▶ _What you have to do_: Exact reproduction of every record is required, and pictures are to be excluded.

Segment Start: The data

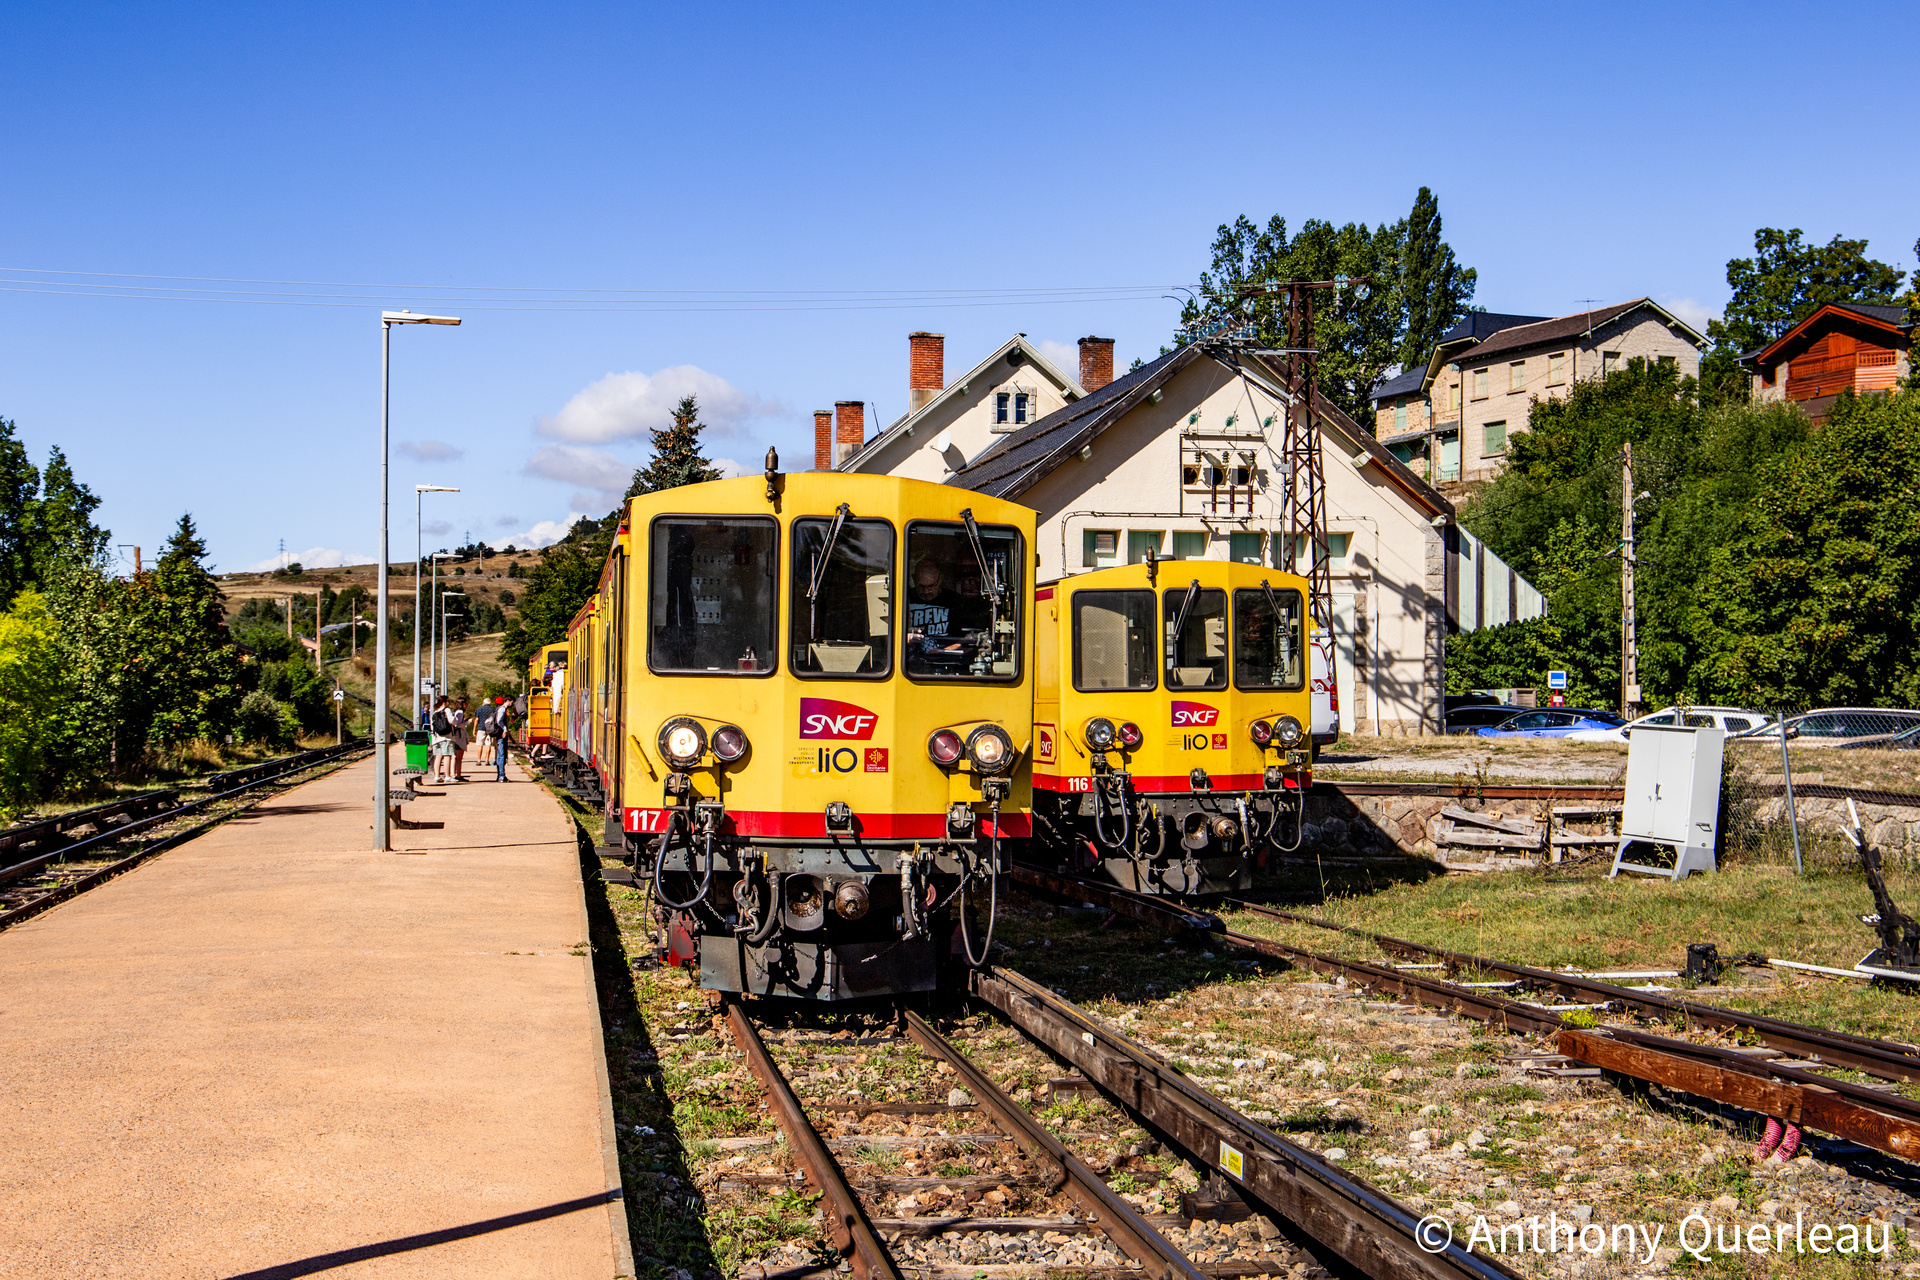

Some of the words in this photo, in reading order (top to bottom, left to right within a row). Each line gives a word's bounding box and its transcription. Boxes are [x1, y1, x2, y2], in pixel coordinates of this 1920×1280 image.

[927, 622, 949, 635] DAY
[1173, 710, 1218, 724] SNCF
[803, 714, 875, 735] SNCF
[1041, 740, 1052, 754] SNCF
[1068, 777, 1089, 792] 116
[630, 809, 662, 831] 117

Segment End: The data

▶ _Solution to this problem_:
Some of the words in this photo, in reading order (top to bottom, left to right within a row). Each line gives a word's bounding box and its transcription. Boxes are [x1, y1, x2, y2], in pixel coordinates of this 1920×1280 image.

[927, 622, 949, 635] DAY
[1173, 710, 1218, 724] SNCF
[803, 714, 875, 735] SNCF
[1041, 740, 1052, 754] SNCF
[1068, 777, 1089, 792] 116
[630, 809, 662, 831] 117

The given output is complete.